HappenStance, 2008, £4
www.happenstancepress.com

 

A few pages into this pamphlet, produced in HappenStance’s familiarly neat house style, the poet would have the reader believe that there’s something holding her back. In the lovely Snow Melt, her bare feet take her “into /what I could not have imagined”, while on the facing page, the owl of that poem’s title seems to be more of a monkey on her back.

The thing is, though, she has already shown that she can imagine pretty much anything, in poems that are unafraid to venture into new territory while pondering their own existence.

Stonechat, for example, which I’ll quote in its wonderful entirety:

The stonechat is not
a stonechat. She is simply herself
on the long twig, by the stones,

no, she is not even self—it all simply
is, on this, the only possible, perfect twig.
It is look and oh! and flit,

all sense and verb,
centred in the understood, measured height
of the present tense, where

giants, gravity-trapped, lumber at the edge
intoning Territory,
quacking Whinchat, a related species.

Now that deserves to be in all sorts of anthologies, for managing to evoke the essence of the bird without resorting to field guide description or awestruck reverence (and all the while considering our relationship to it) and she pulls off the same trick elsewhere, looking at the natural and human worlds from subtly new, thought-provoking angles (‘Wanting To Run On Grass’ made me want to go and run on grass, even in frozen February).
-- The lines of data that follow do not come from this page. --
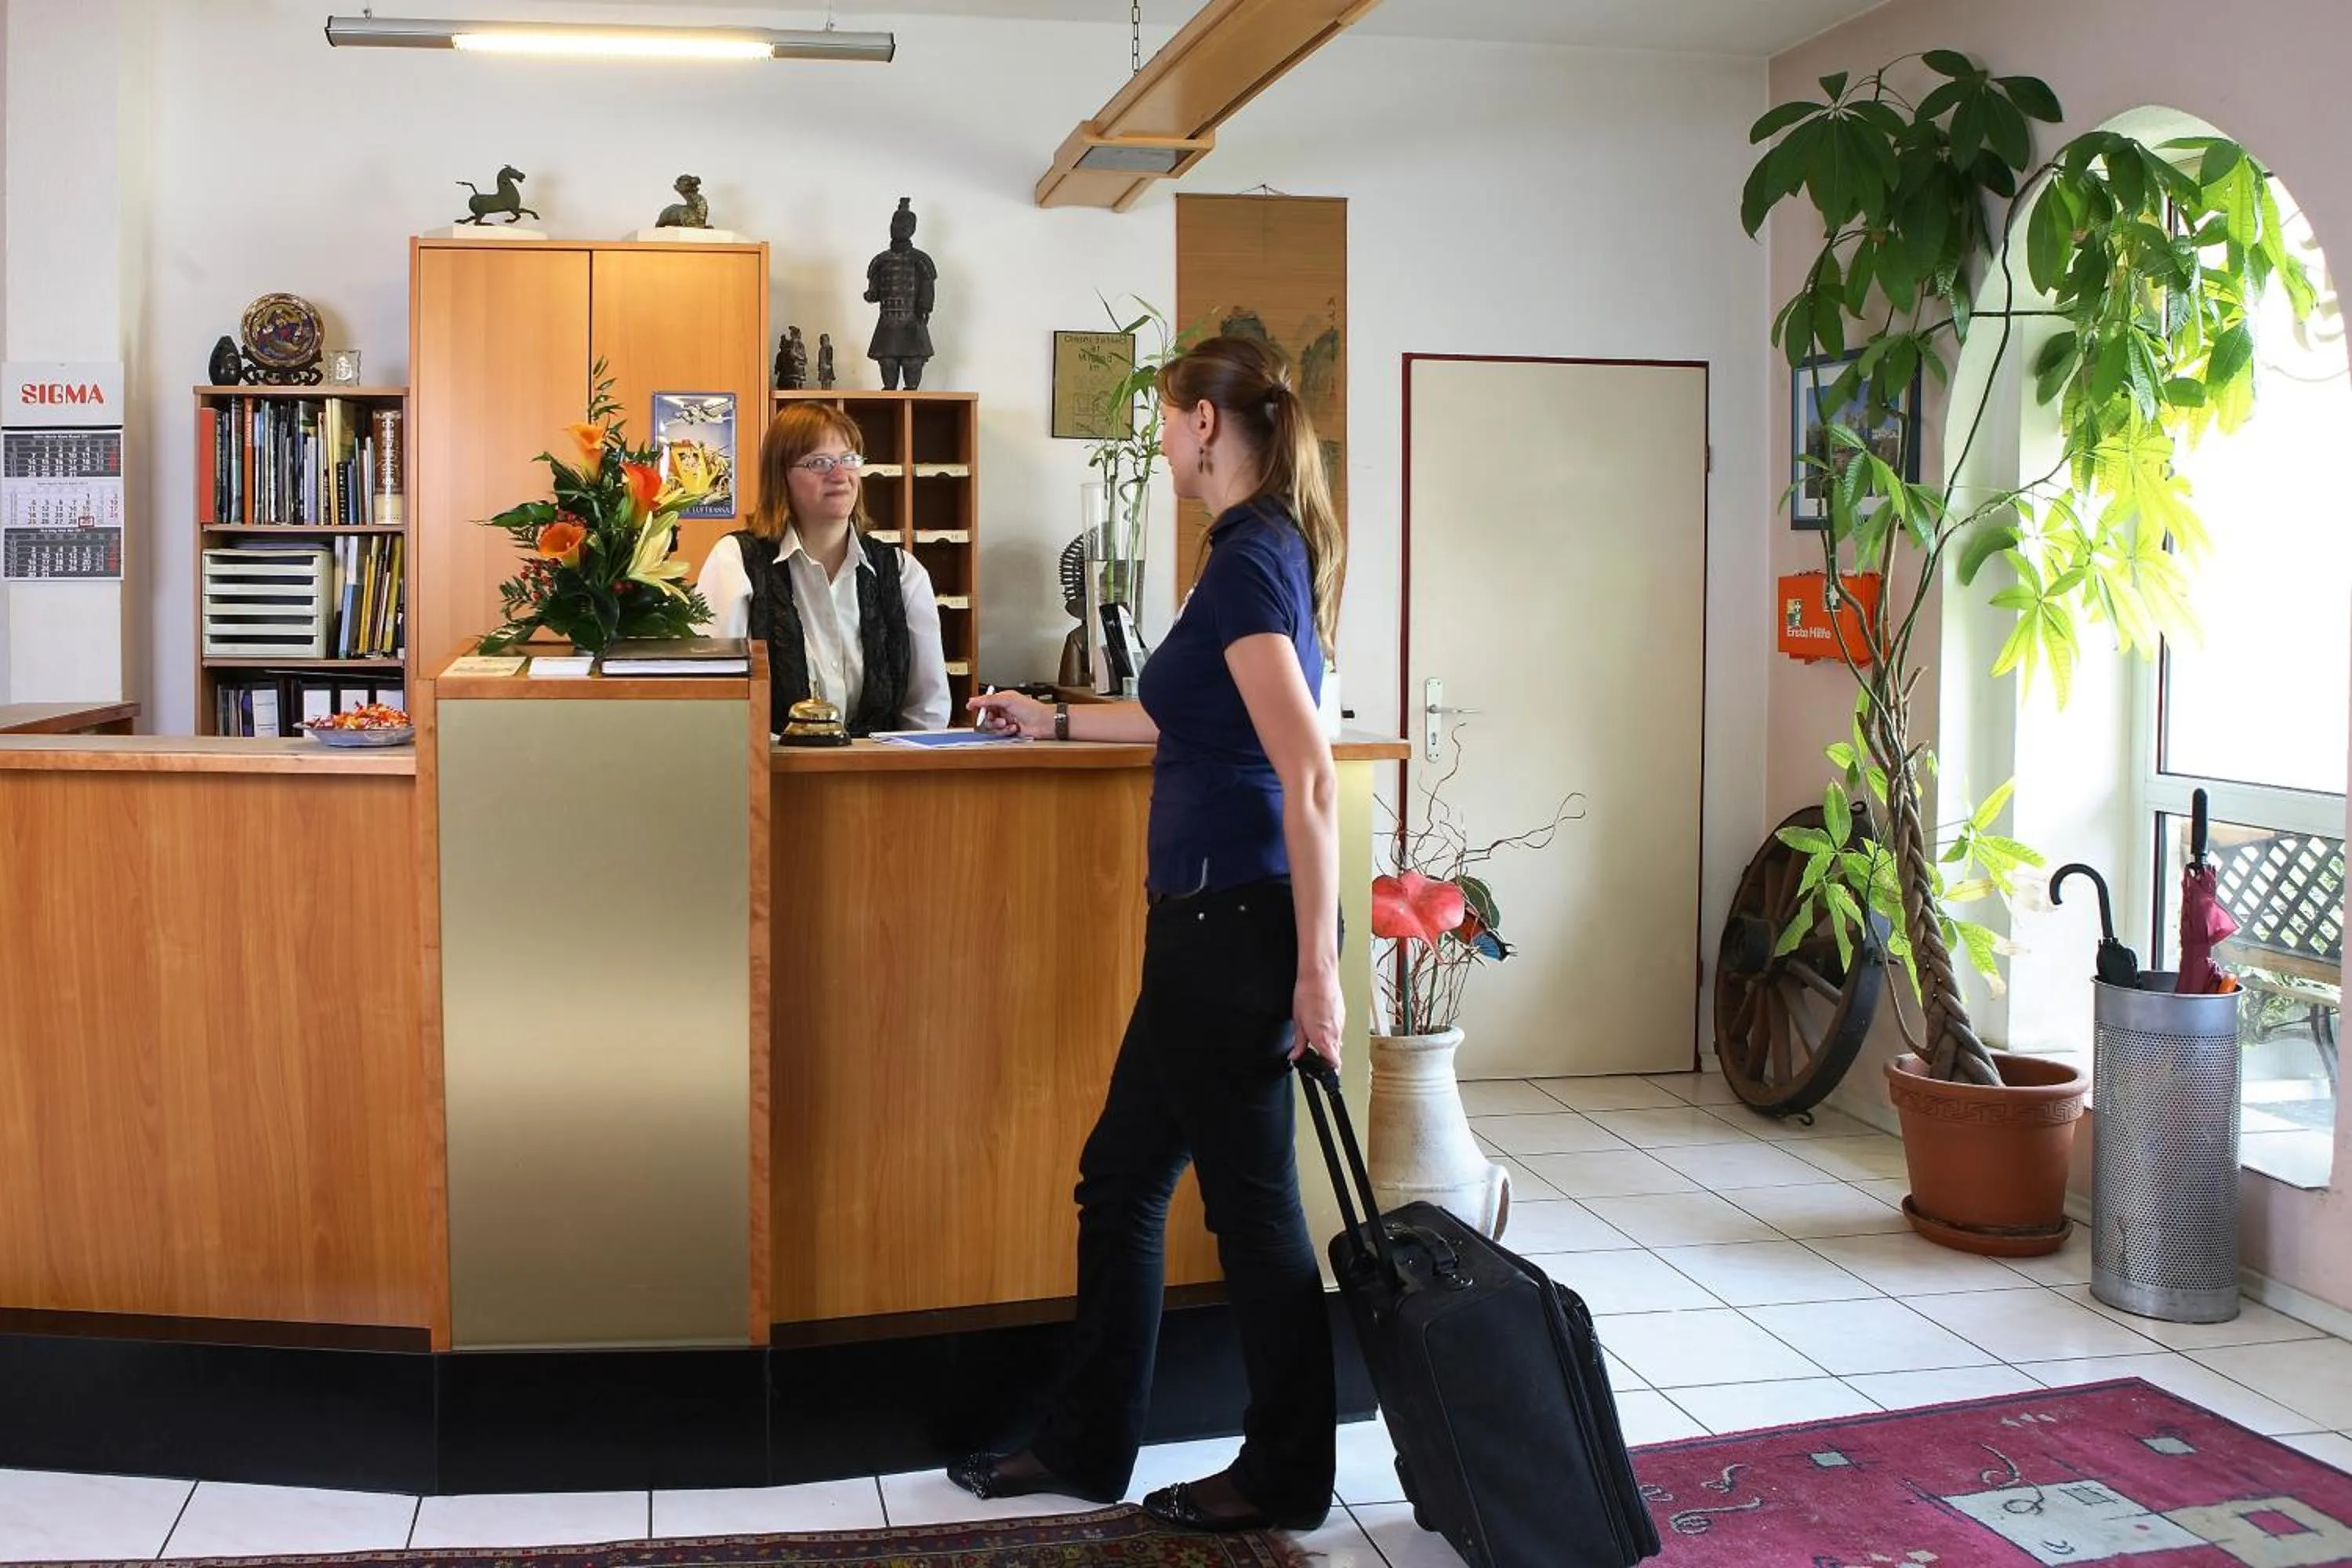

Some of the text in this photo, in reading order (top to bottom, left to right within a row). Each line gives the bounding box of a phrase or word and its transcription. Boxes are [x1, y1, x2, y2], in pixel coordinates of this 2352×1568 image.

[21, 383, 104, 404] SIGMA
[1787, 626, 1831, 639] Erste Hilfe
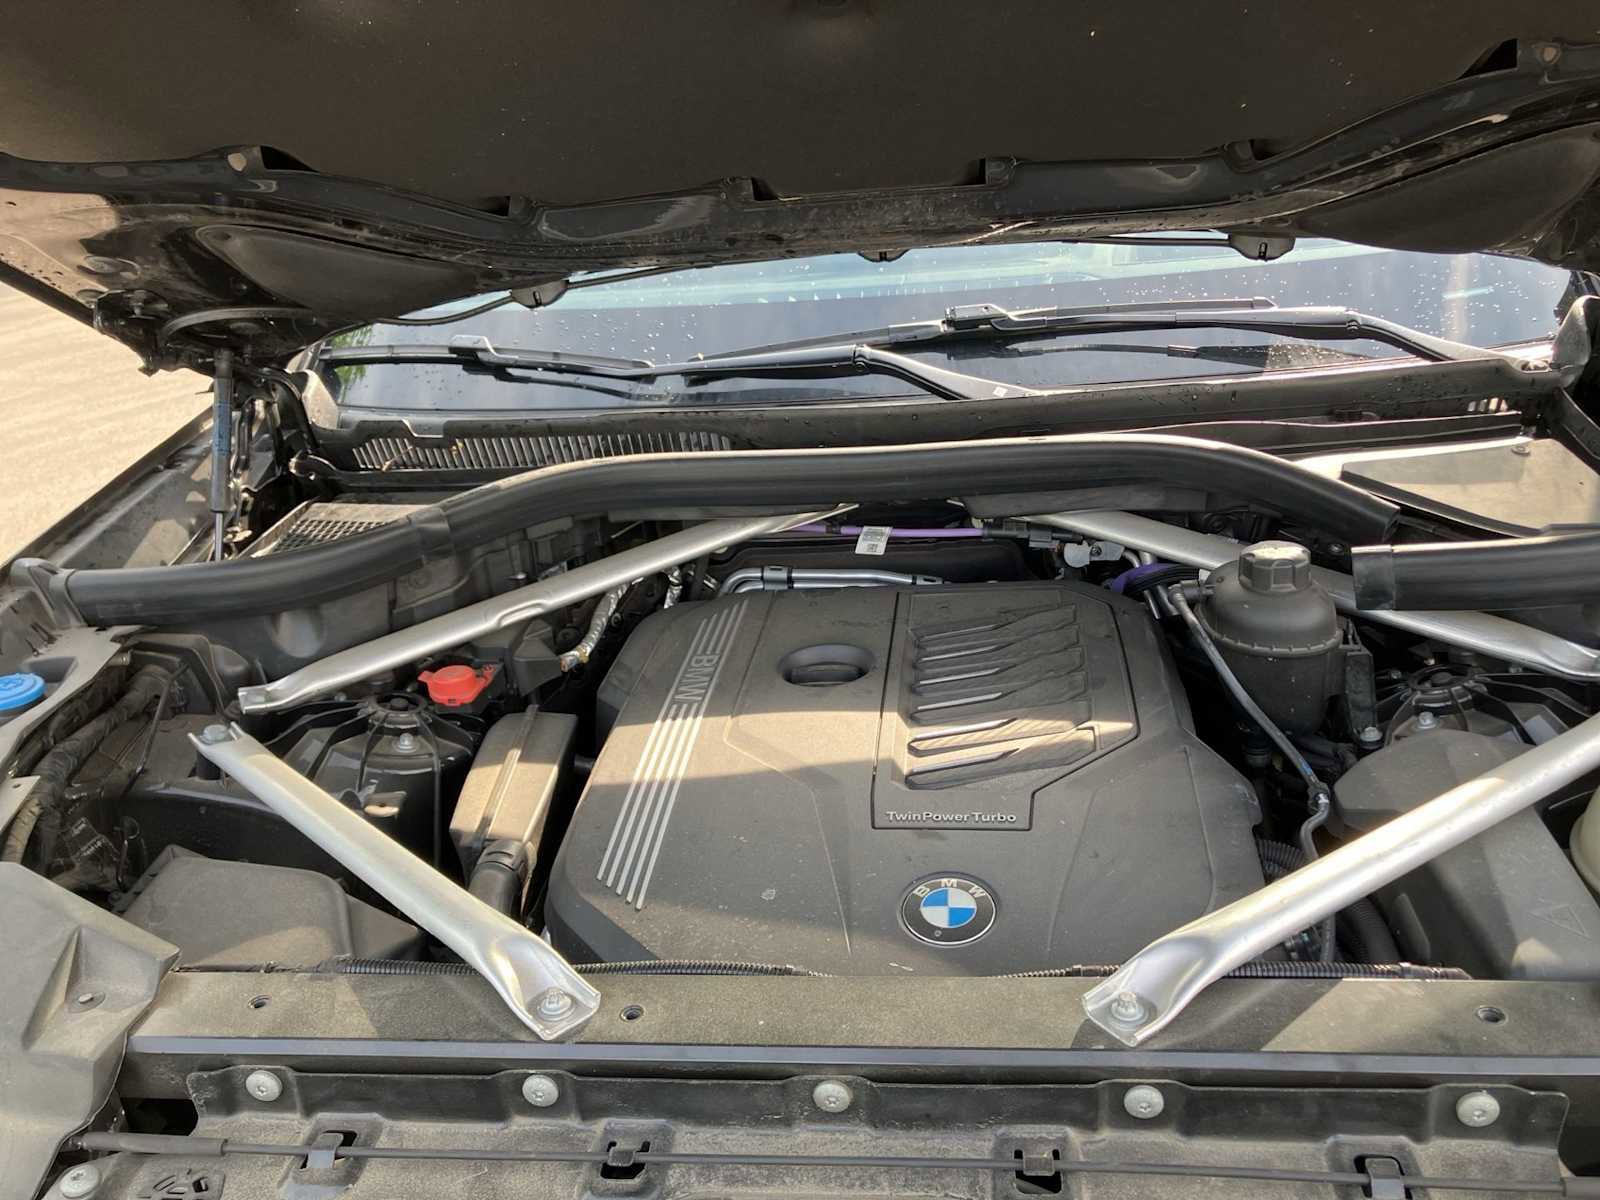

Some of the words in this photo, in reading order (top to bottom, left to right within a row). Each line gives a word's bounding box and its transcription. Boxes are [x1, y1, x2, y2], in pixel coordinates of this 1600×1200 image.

[673, 655, 720, 702] BMW
[971, 811, 1017, 823] Turbo
[912, 878, 985, 898] BMW
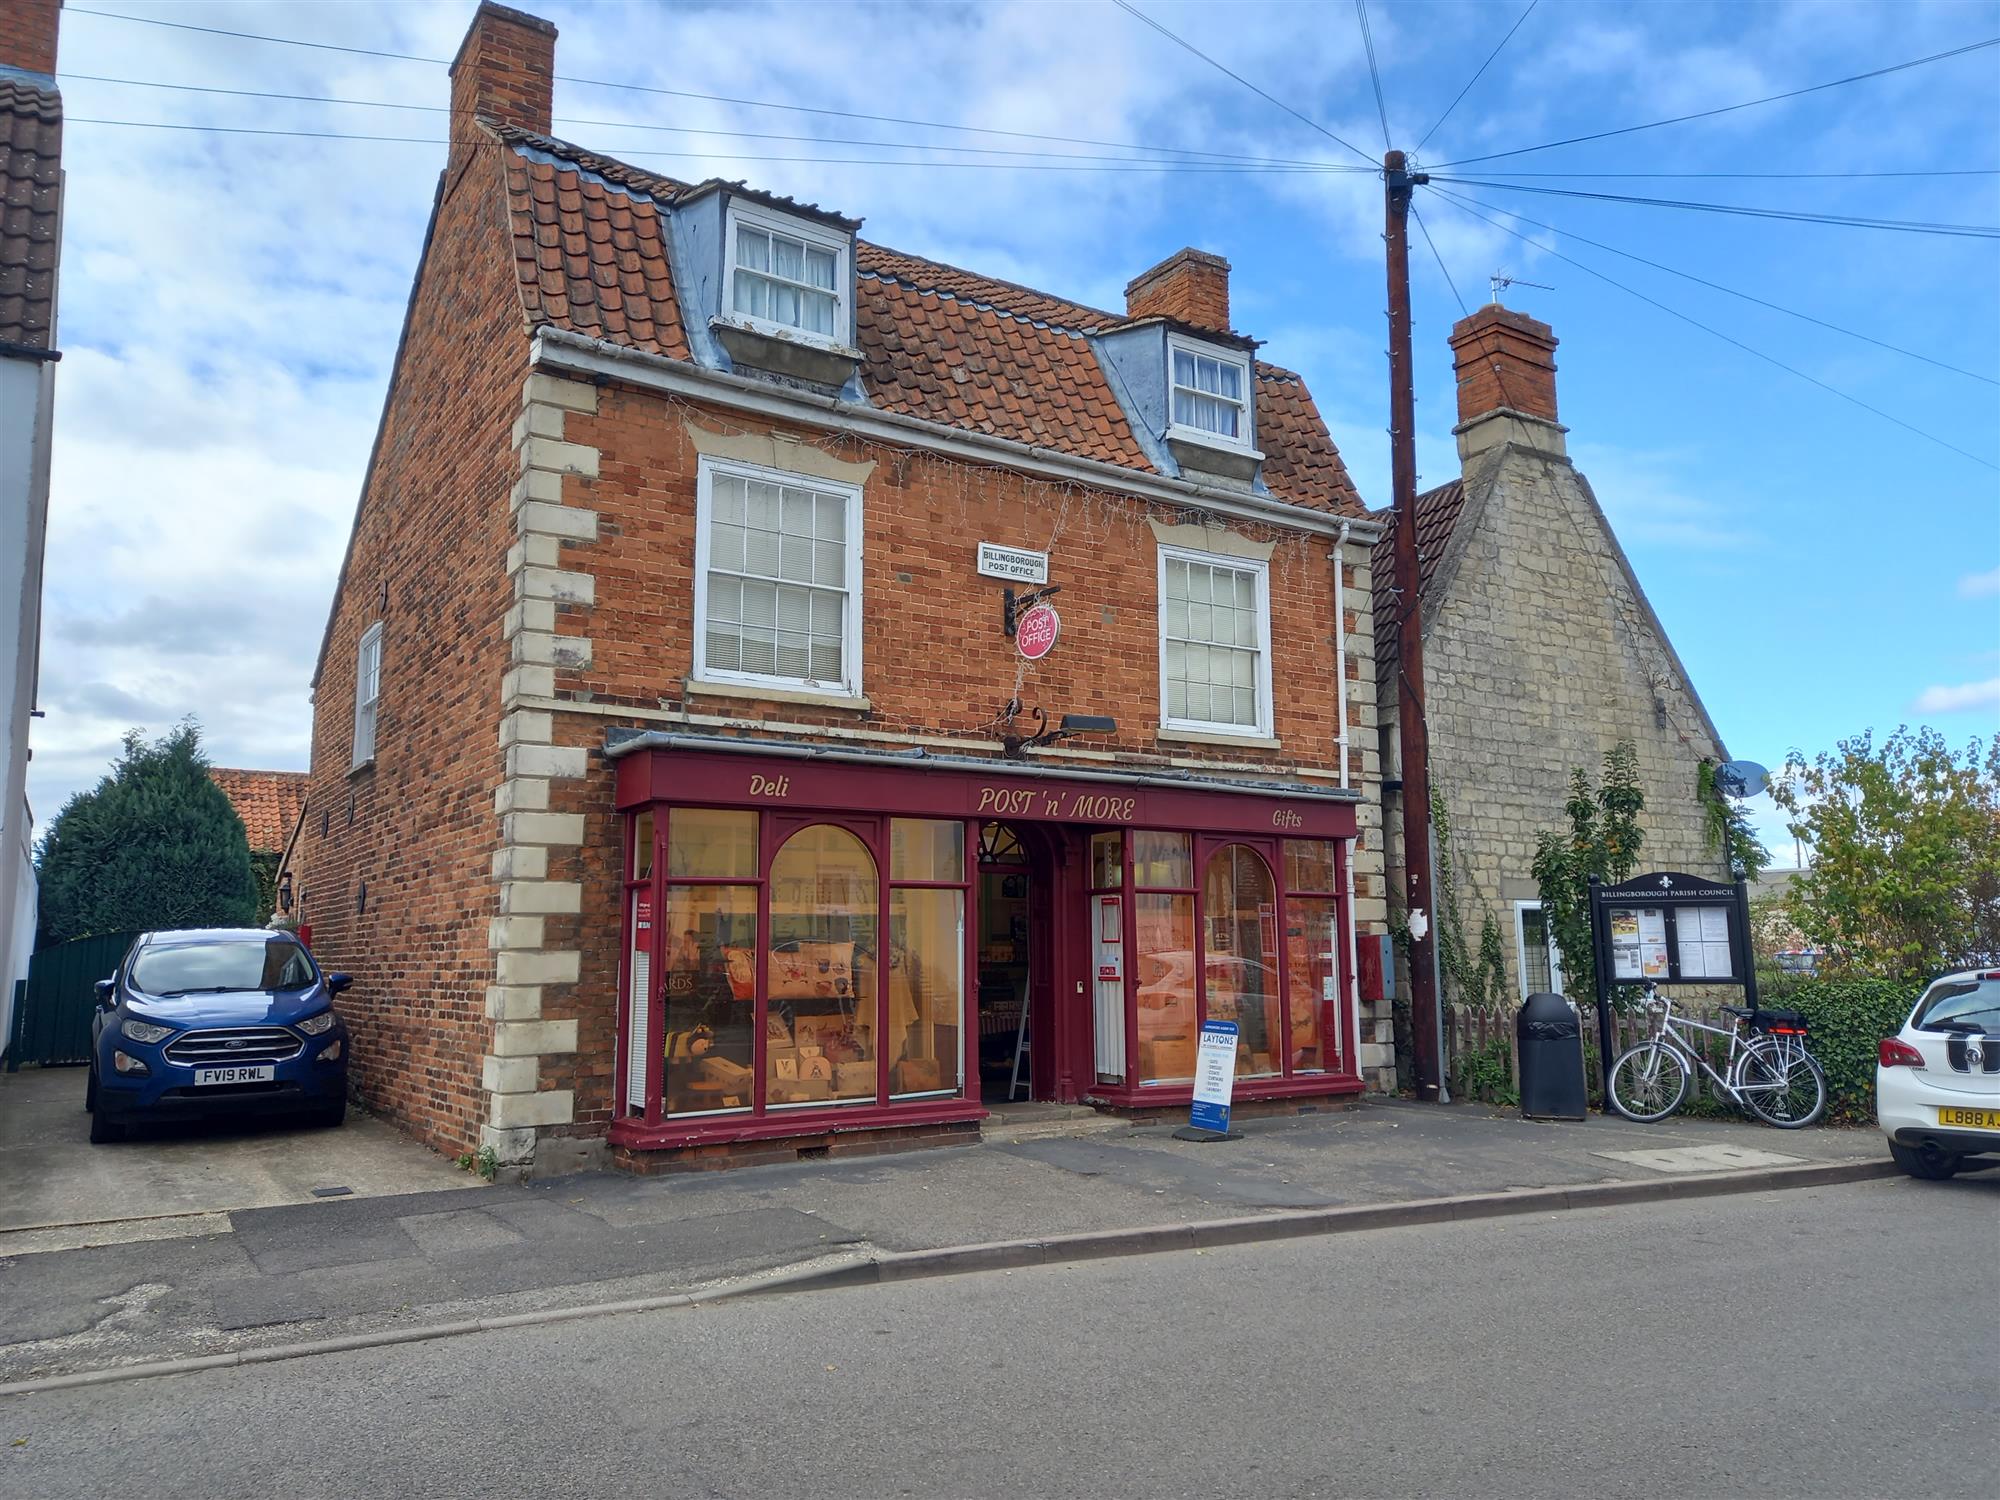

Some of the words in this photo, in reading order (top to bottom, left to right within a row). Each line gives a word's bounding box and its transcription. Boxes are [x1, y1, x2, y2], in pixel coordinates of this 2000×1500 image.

Other highlights? Well, among many, ‘Silence At The Big Top’ is wonderfully tense, thanks to some masterful handling of rhythm and pacing, while ‘Severance’ is perhaps just the best example of a subtlety that always encourages a great multiplicity of meanings.

I could go on, but the best thing you can do is buy this consistently excellent collection yourself, and enjoy a writer who herself seems to enjoy all the possibilities language offers.